The effects of topical S(+)-ibuprofen on interleukin-1 induced ocular inflammation in a rabbit model.

Topical non-steroidal anti-inflammatory drugs may serve as an alternative or adjunct to topical corticosteroid therapy for iritis. We have tested the efficacy of topically given S(+)-ibuprofen in a rabbit model of uveitis secondary to the intravitreal injection of human recombinant interleukin 1-alpha. Topically administered S(+)-ibuprofen was found to inhibit increased vascular permeability associated with this model.

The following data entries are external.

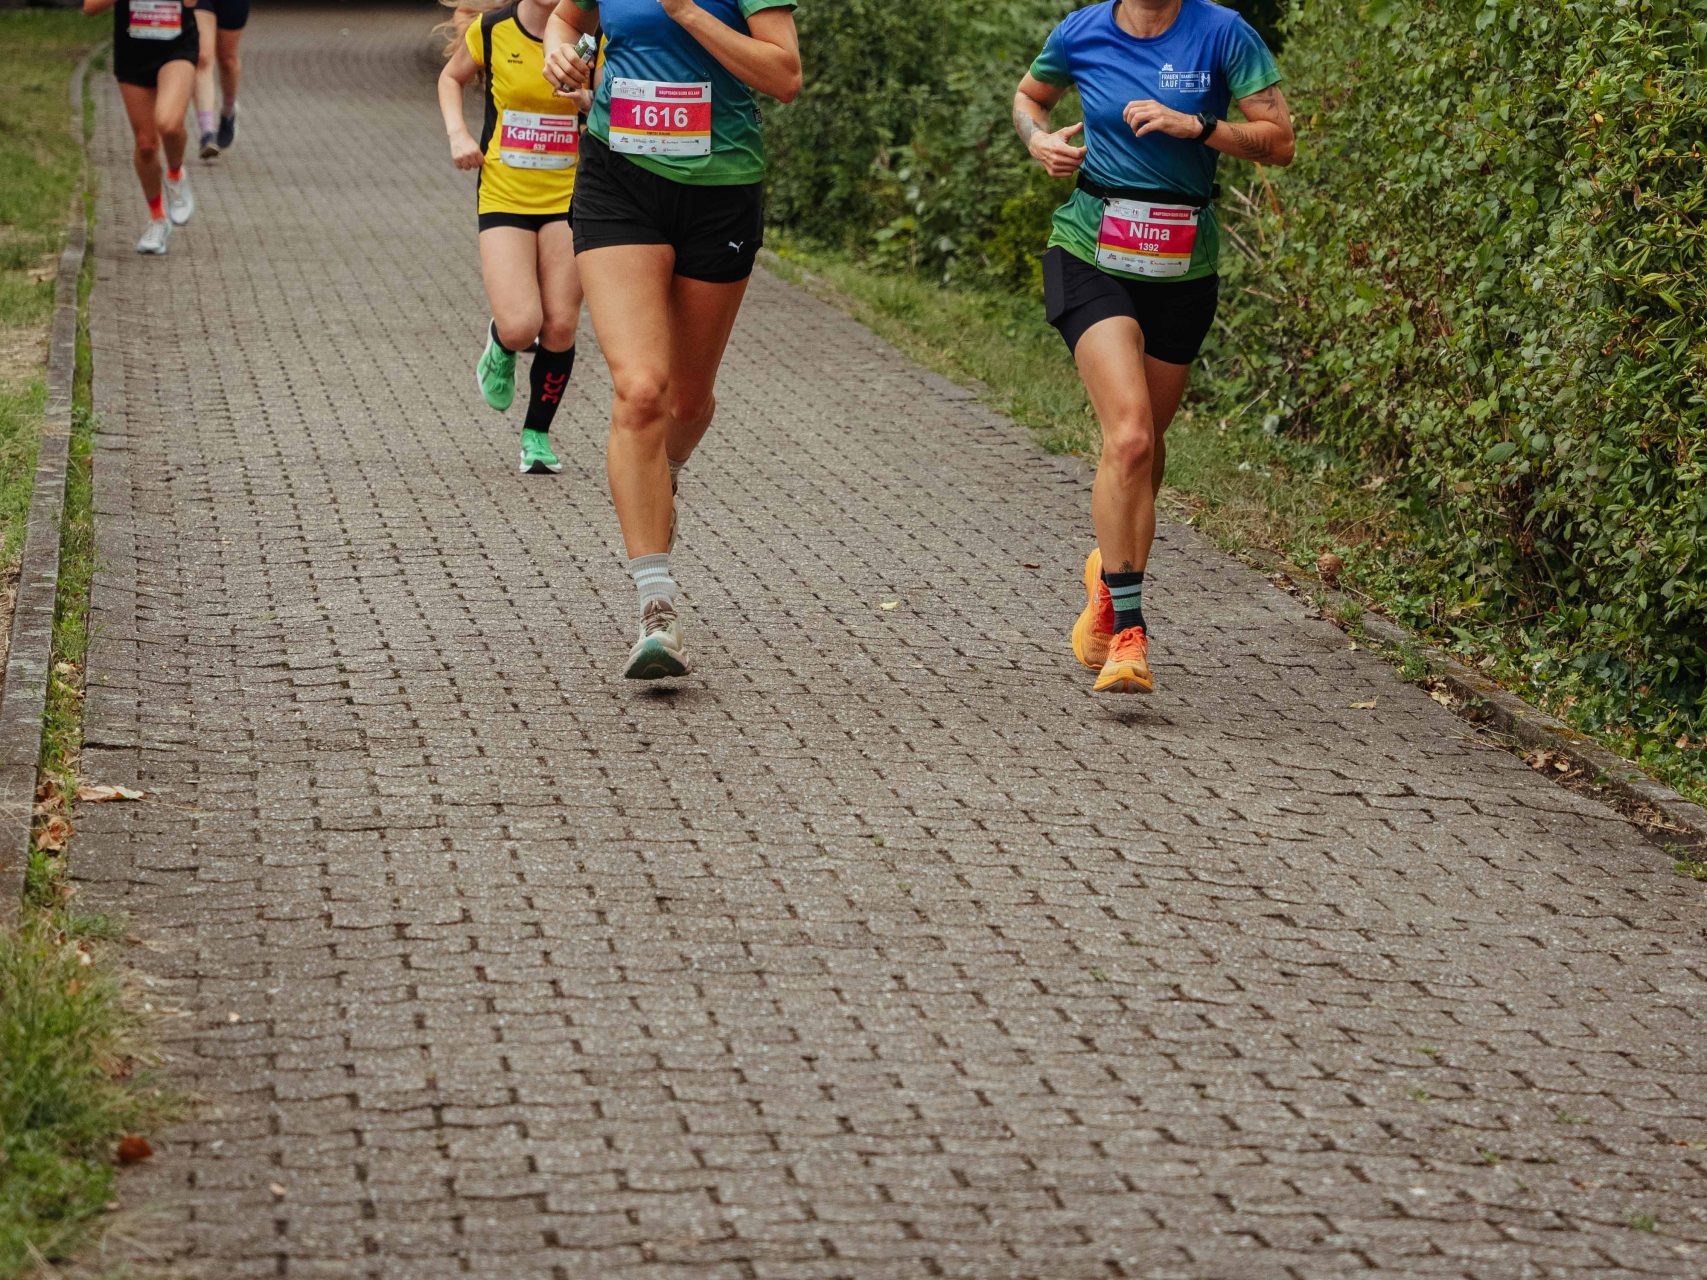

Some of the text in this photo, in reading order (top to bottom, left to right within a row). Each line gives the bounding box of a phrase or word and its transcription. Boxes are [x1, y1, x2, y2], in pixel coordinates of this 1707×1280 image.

[1161, 80, 1179, 88] LAUF
[631, 104, 688, 128] 1616
[507, 126, 573, 144] Katharina
[1129, 222, 1171, 241] Nina
[1138, 242, 1159, 252] 1392
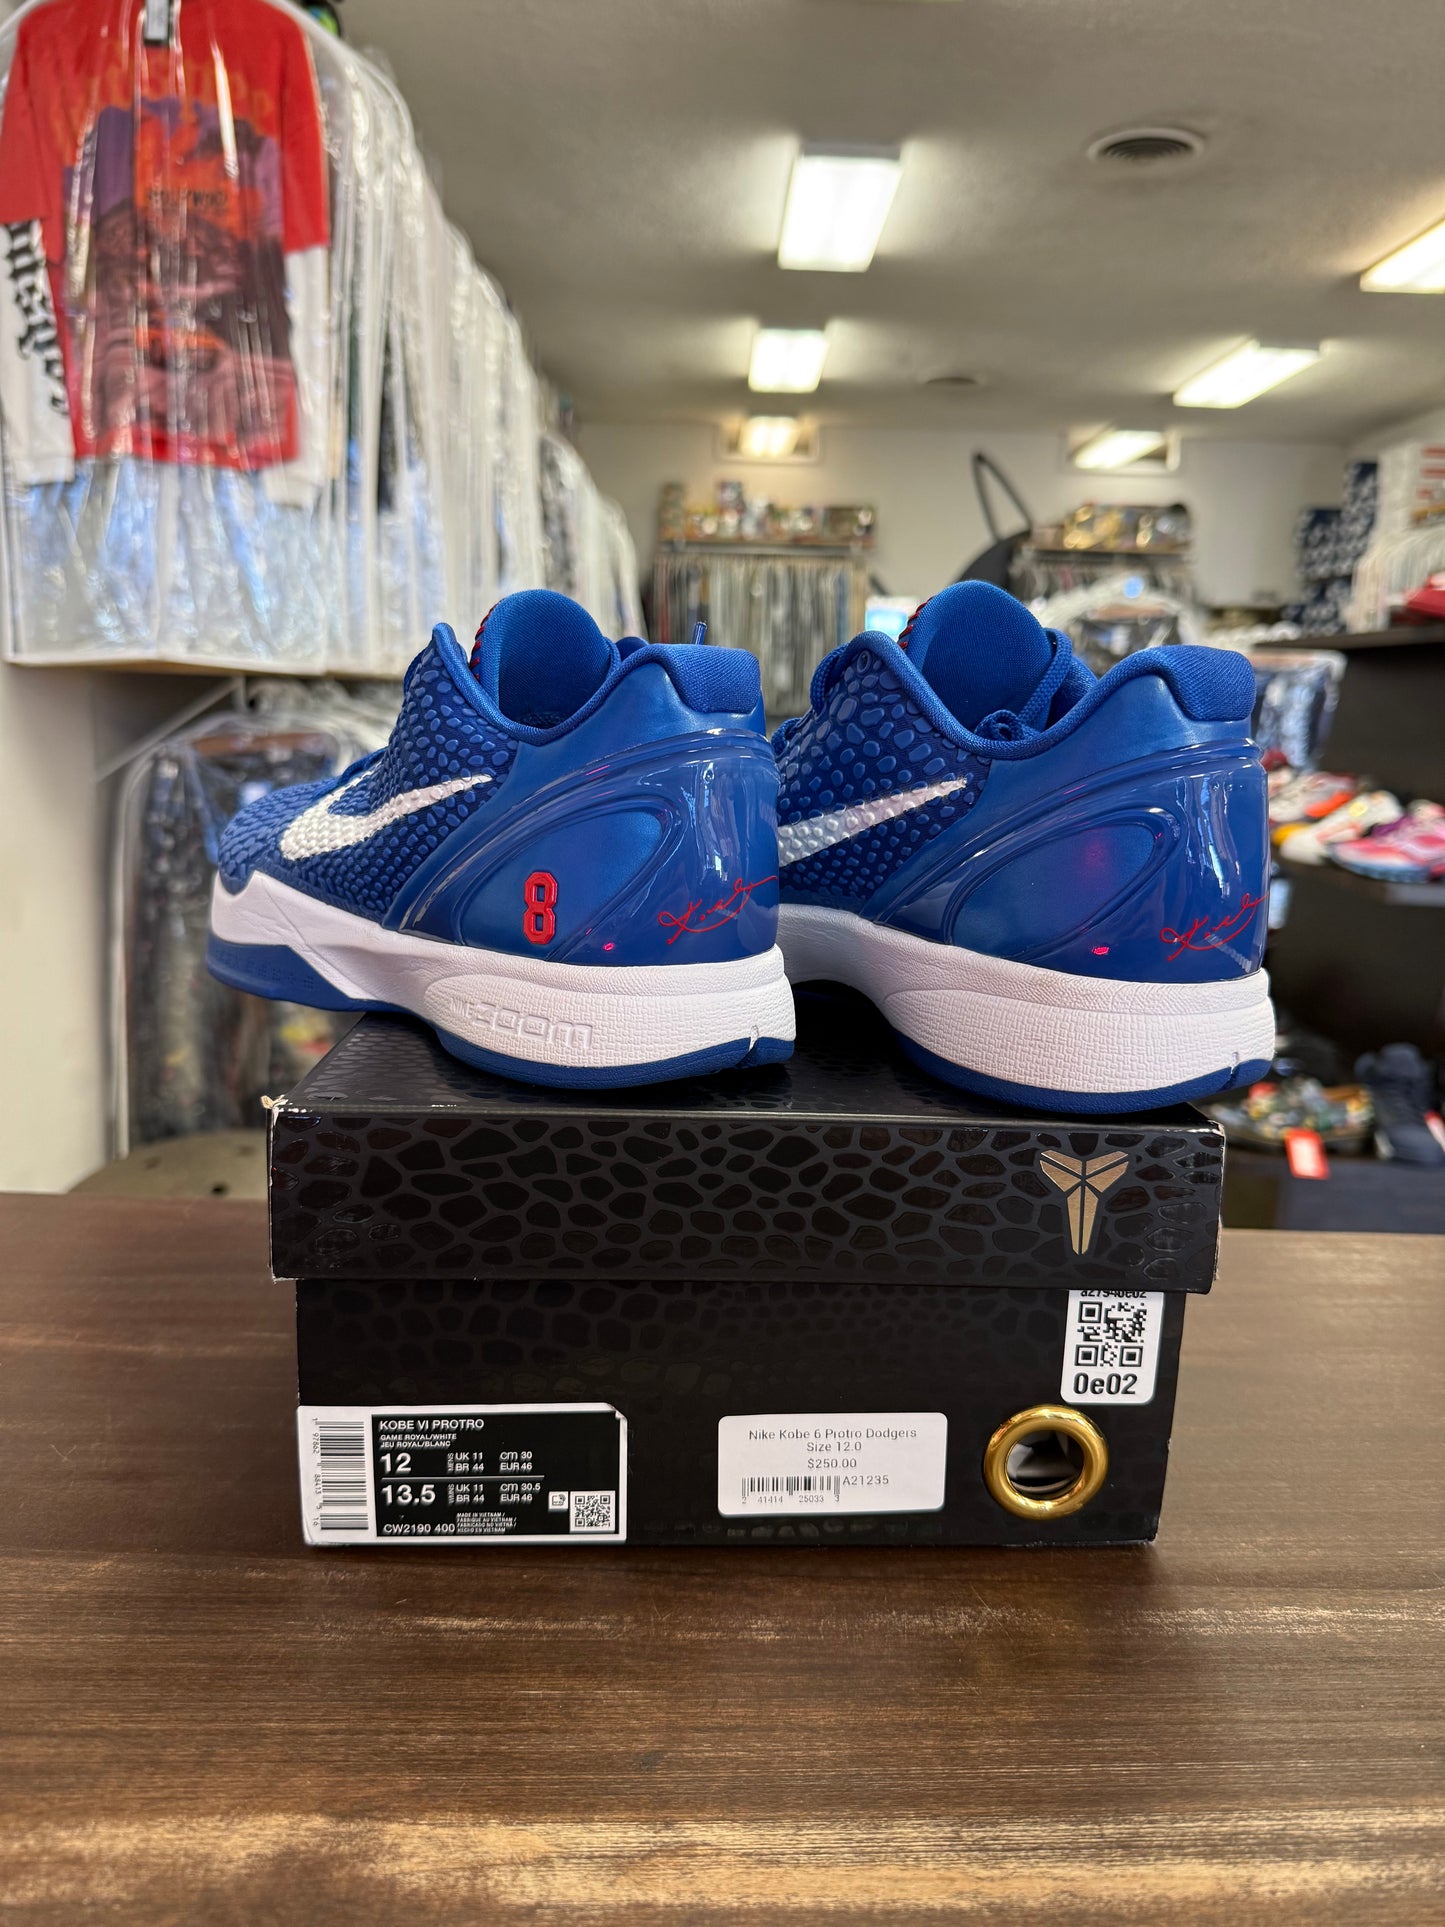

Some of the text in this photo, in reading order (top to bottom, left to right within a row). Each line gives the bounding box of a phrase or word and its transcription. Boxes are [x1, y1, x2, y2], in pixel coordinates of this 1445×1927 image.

[524, 872, 557, 945] 8
[1073, 1372, 1138, 1395] 0e02
[379, 1418, 485, 1431] KOBE VI PROTRO
[749, 1429, 775, 1440] Nike
[779, 1428, 810, 1439] Kobe
[814, 1428, 821, 1439] 6
[396, 1440, 451, 1448] ROYAL/BLANC
[806, 1441, 862, 1452] Size 12.0
[455, 1452, 483, 1460] UK 11
[521, 1451, 533, 1459] 30
[380, 1452, 412, 1473] 12
[455, 1462, 484, 1471] BR 44
[500, 1462, 533, 1471] EUR 46
[807, 1458, 857, 1469] $250.00
[842, 1475, 889, 1485] A21235
[456, 1483, 483, 1492] UK 11
[521, 1483, 541, 1491] 30.5
[381, 1484, 436, 1505] 13.5
[456, 1494, 485, 1502] BR 44
[500, 1493, 533, 1502] EUR 46
[757, 1495, 783, 1503] 41414
[799, 1494, 824, 1503] 25033
[834, 1494, 840, 1502] 3
[383, 1523, 456, 1533] CW2190 400
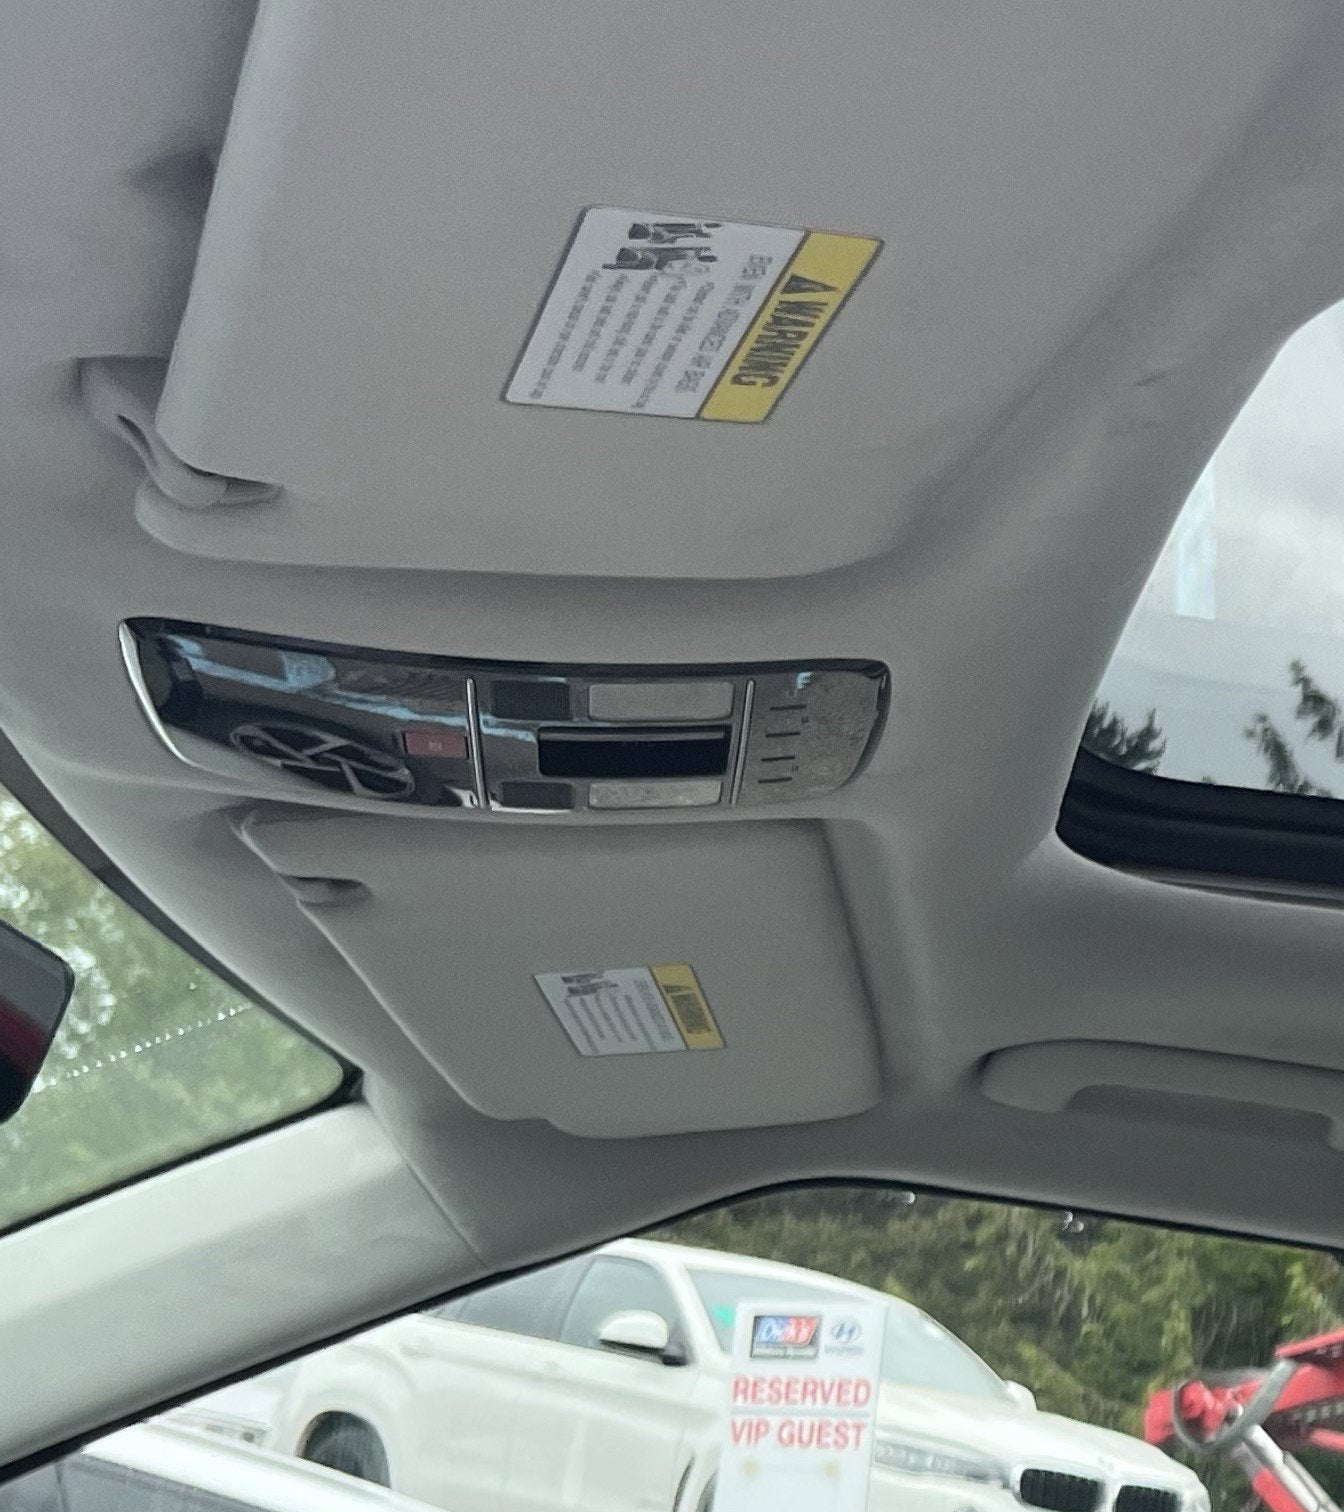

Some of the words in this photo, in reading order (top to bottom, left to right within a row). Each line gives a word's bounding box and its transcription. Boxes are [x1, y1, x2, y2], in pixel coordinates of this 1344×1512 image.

[730, 301, 829, 388] WARNING
[732, 1375, 872, 1407] RESERVED
[731, 1417, 770, 1448] VIP
[777, 1418, 868, 1451] GUEST

These results with topical S(+)-ibuprofen compare favorably to the results seen with topical prednisolone and are significantly superior to the results seen with topical flurbiprofen. Topical S(+)-ibuprofen did not significantly reduce the cellular infiltration associated with interleukin-1 induced inflammation. These findings suggest a potential role for topical S(+)-ibuprofen in the treatment of ocular inflammation and, in this animal model, it appears to be superior to an alternative non-steroidal compound, but further studies are indicated to assess its activity in alternate models of ocular inflammation.